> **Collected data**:
● ● ● ●
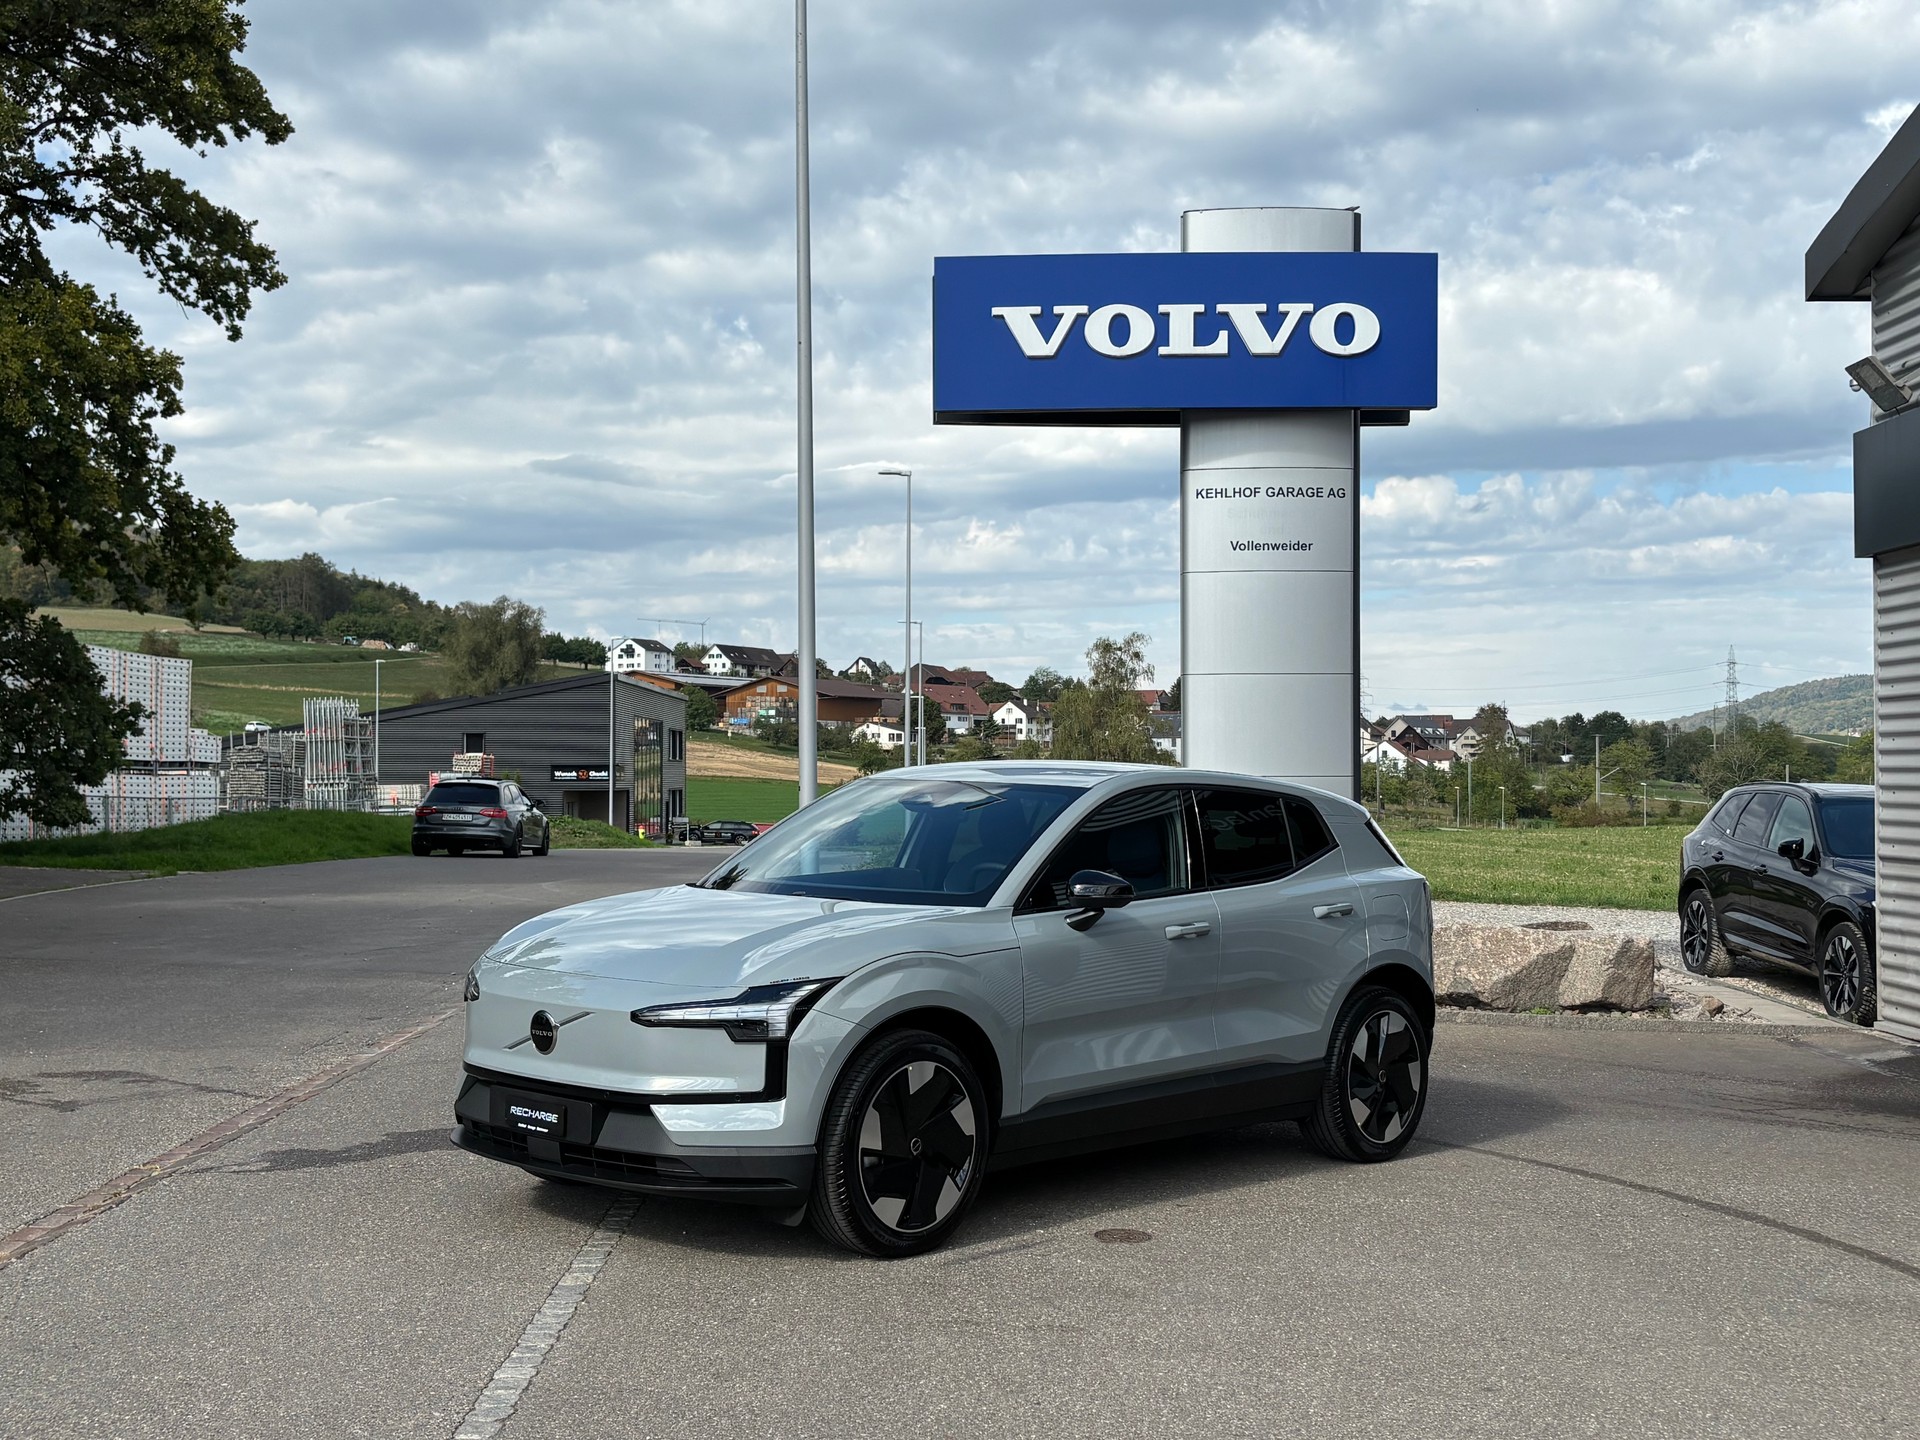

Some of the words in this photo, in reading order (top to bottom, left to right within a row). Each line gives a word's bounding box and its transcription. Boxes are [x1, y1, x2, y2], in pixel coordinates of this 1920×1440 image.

[991, 302, 1381, 358] VOLVO
[1195, 487, 1262, 499] KEHLHOF
[1265, 487, 1324, 498] GARAGE
[1327, 488, 1346, 499] AG
[1230, 540, 1314, 552] Vollenweider
[532, 1029, 553, 1037] VOLVO
[510, 1105, 559, 1123] RECHARGE
● ● ● ●
> **Exercise brief**: Copy the entries exactly. Leave out the images.

> **Completed exercise**:
Some of the words in this photo, in reading order (top to bottom, left to right within a row). Each line gives a word's bounding box and its transcription. Boxes are [x1, y1, x2, y2], in pixel coordinates of this 1920×1440 image.

[991, 302, 1381, 358] VOLVO
[1195, 487, 1262, 499] KEHLHOF
[1265, 487, 1324, 498] GARAGE
[1327, 488, 1346, 499] AG
[1230, 540, 1314, 552] Vollenweider
[532, 1029, 553, 1037] VOLVO
[510, 1105, 559, 1123] RECHARGE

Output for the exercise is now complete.